Même si le taux de déforestation en Amazonie brésilienne a diminué en 2023, la région est confrontée à un autre défi :les incendies qui affectent la végétation indigène qui a jusqu’à présent été épargnée. Un article publié dans la revue Global Change Biology prévient que les incendies de forêt dans les forêts anciennes ont augmenté de 152 % l'année dernière par rapport à 2022, malgré une baisse de 16 % du nombre total d'incendies dans toute l'Amazonie et une baisse de 22 % de la déforestation.
Dans une analyse d’images satellite, les auteurs ont détecté une augmentation des incendies de forêt, passant de 13 477 en 2022 à 34 012 en 2023. La principale cause était la sécheresse. La région connaît des périodes de sécheresse plus longues et plus fréquentes. Des sécheresses prolongées ont eu lieu en 2010 et 2015-2016, qui ont rendu la forêt plus sujette aux incendies et entraîné une fragmentation de la couverture végétale. Une autre grave sécheresse a commencé l'année dernière et se poursuit encore, aggravant encore la situation.
Selon les enquêtes de l'Institut national de recherche spatiale (INPE), le nombre d'incendies en Amazonie au cours des trois premiers mois de 2023 était de 7 861, soit plus qu'au cours des huit années précédentes et plus de la moitié du total brésilien (suivi par le Cerrado, avec 25%). Jusque-là, le nombre le plus élevé enregistré au premier trimestre était de 8 240 (en 2016).
"Il est important de comprendre la répartition géographique de ces incendies. Chacune des zones concernées nécessite une réponse différente. Notre analyse a mis en évidence davantage d'incendies dans les zones de forêts anciennes que les années précédentes, ce qui est alarmant non seulement en raison de la perte de végétation. , qui est invariablement suivie par la déforestation, mais aussi parce que le carbone stocké par la forêt devient des émissions de carbone lorsqu'elle brûle", a déclaré Guilherme Augusto Verola Mataveli, auteur correspondant de l'article et spécialiste de la télédétection à la Division d'observation de la Terre et de géoinformatique de l'INPE.
L'année dernière, certains membres du groupe de recherche ont publié un autre article montrant que les incendies de forêt se sont multipliés le long d'une frontière de déforestation émergente dans la région de Boca do Acre, au sud-ouest de l'État d'Amazonas, au nord du Brésil, entre 2003 et 2019.
« Les forêts anciennes stockent de plus grandes quantités de carbone, qui se transforment en émissions de gaz à effet de serre lorsqu'elles brûlent, contribuant ainsi au changement climatique. Un autre effet négatif concerne les problèmes de santé publique. En octobre 2023, Manaus [la capitale de l'État d'Amazonas] avait la pire pollution atmosphérique. qualité de n'importe quelle ville du monde, sauf une", a déclaré Mataveli.

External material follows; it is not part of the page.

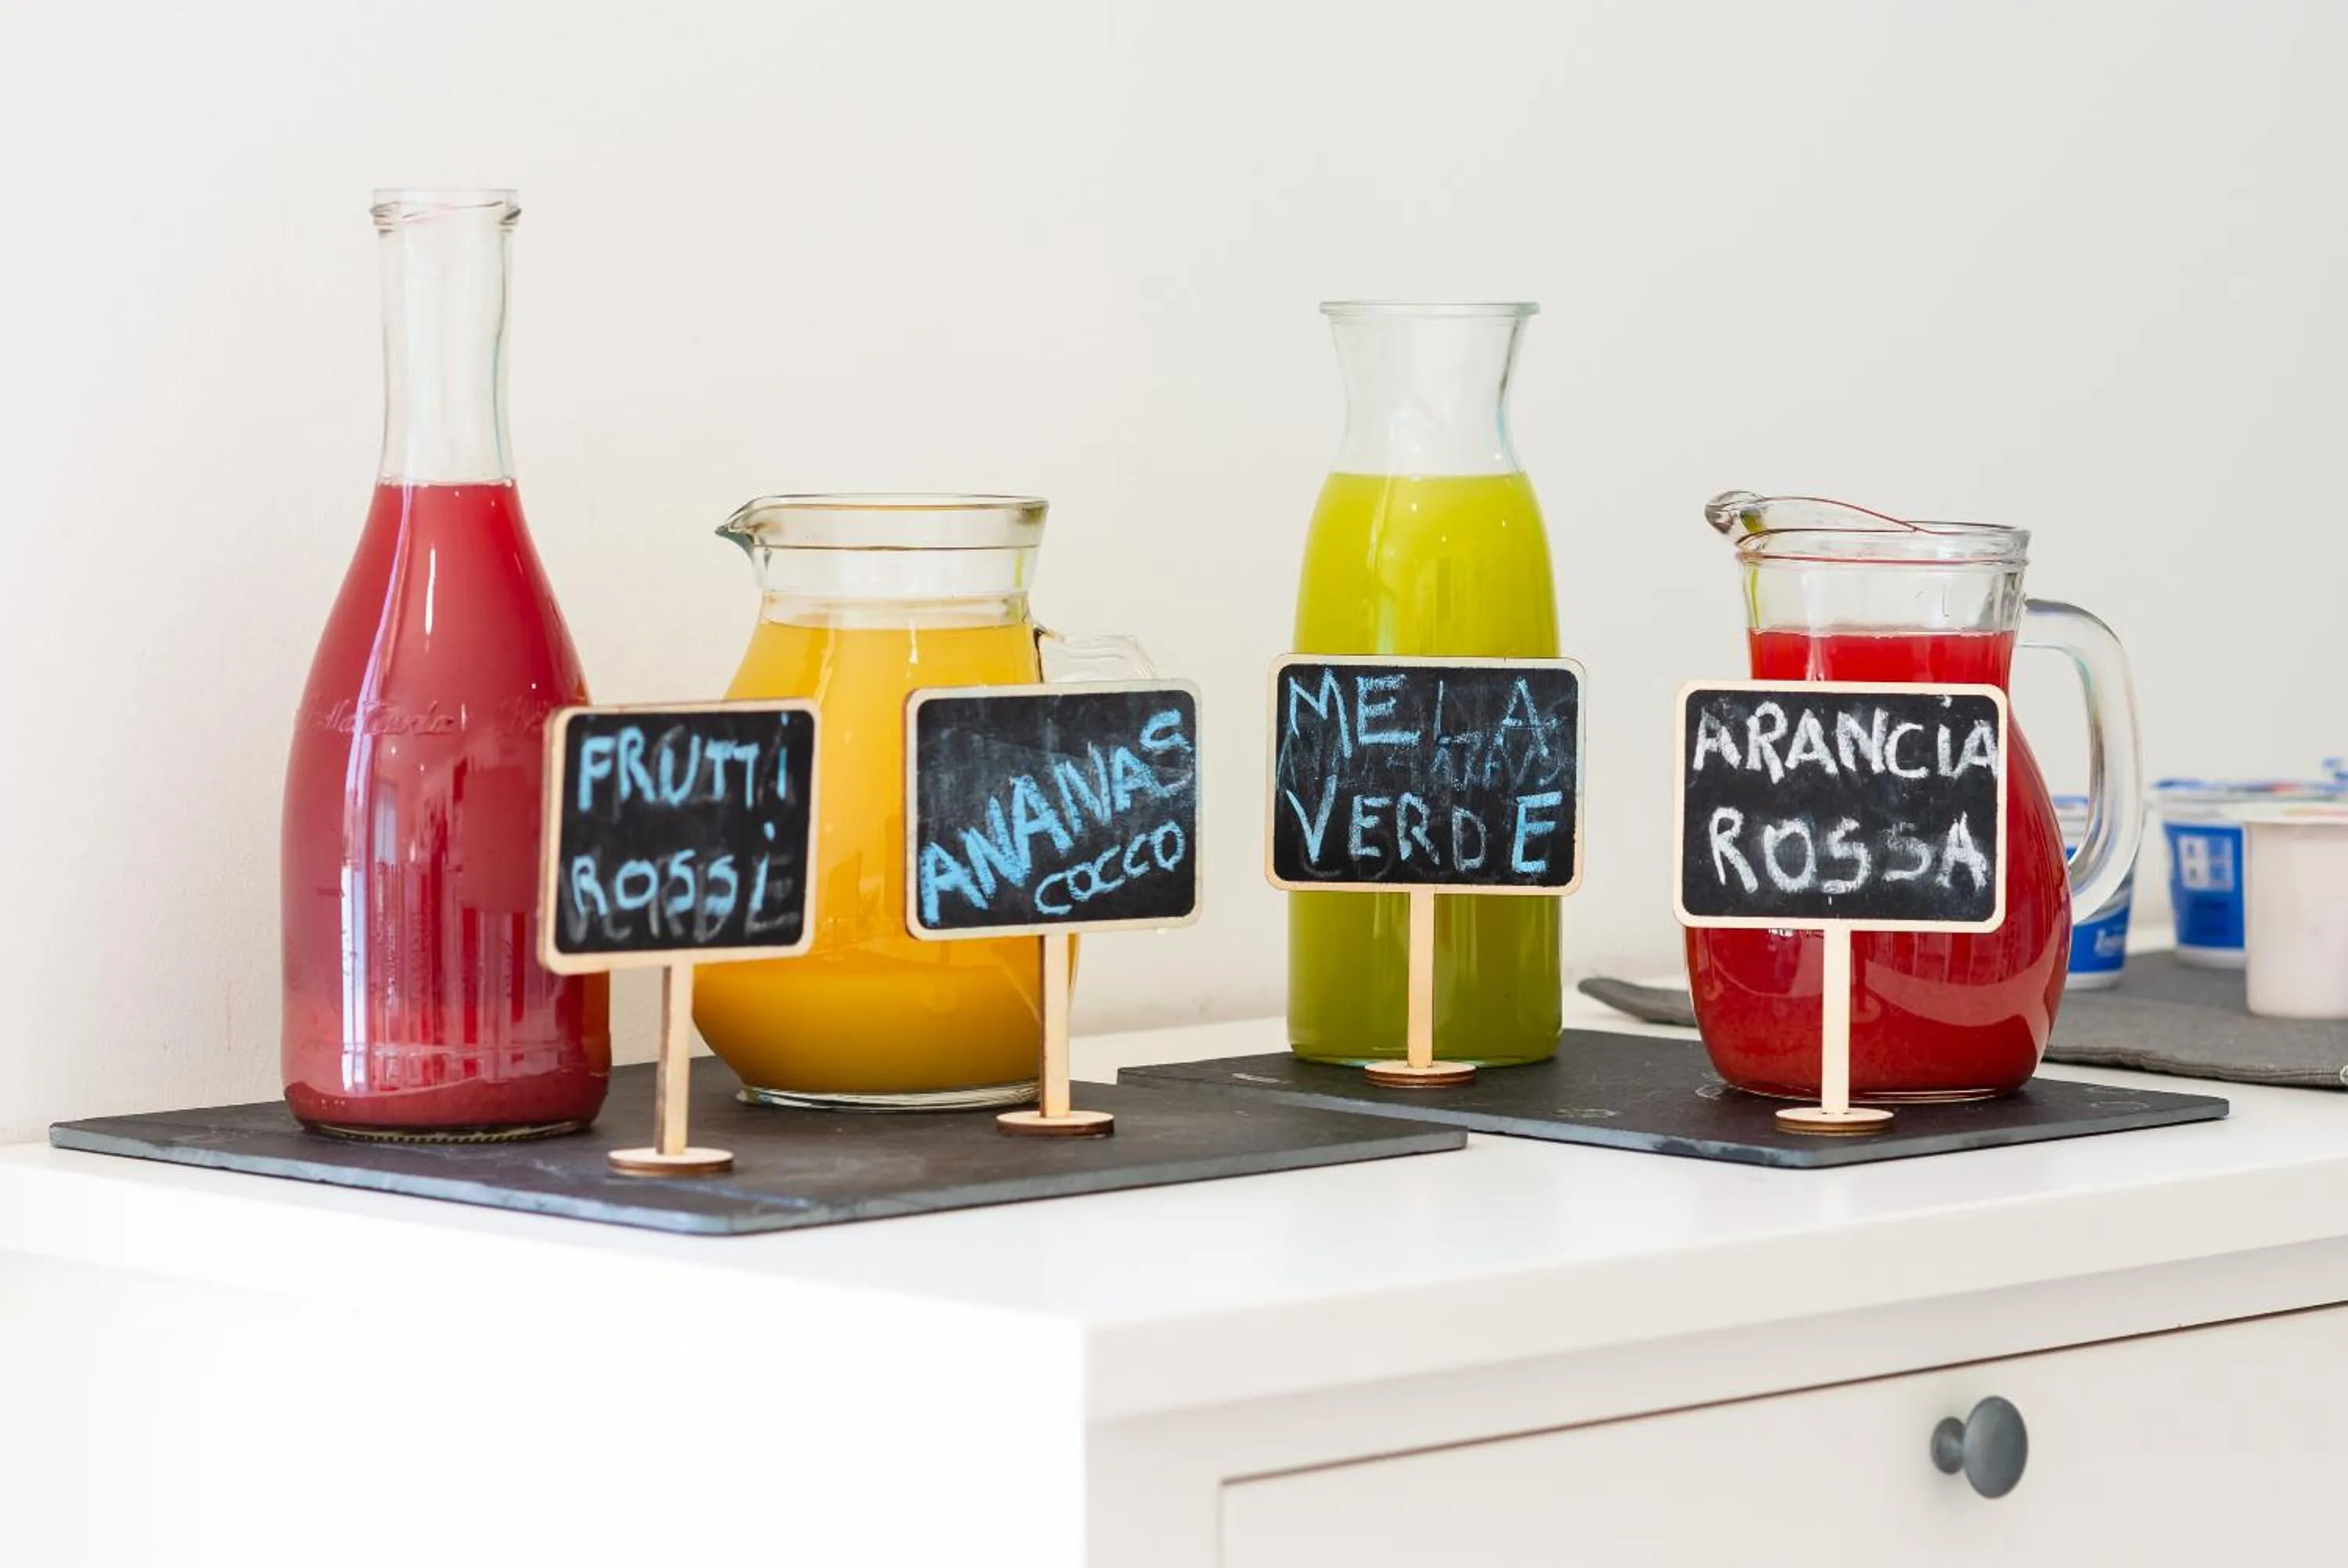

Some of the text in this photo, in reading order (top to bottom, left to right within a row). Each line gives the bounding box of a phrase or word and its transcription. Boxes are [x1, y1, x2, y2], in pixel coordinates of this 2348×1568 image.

Les incendies ont également augmenté dans d'autres États, dont le Pará, où le nombre d'incendies de forêts anciennes a atteint 13 804 en 2023, contre 4 217 en 2022.
La situation au Roraima est l'une des pires de la région :plus de la moitié des incendies détectés en Amazonie en 2024 ont eu lieu dans cet État, qui compte la cinquième population indigène du Brésil (97 320) et a vu 14 de ses 15 municipalités déclarer l'état d'urgence en mars à cause d'un incendie. Les écoles ont été fermées à cause de la fumée et une grave sécheresse a laissé les communautés autochtones sans accès à la nourriture et exposées à des troubles respiratoires, entre autres problèmes.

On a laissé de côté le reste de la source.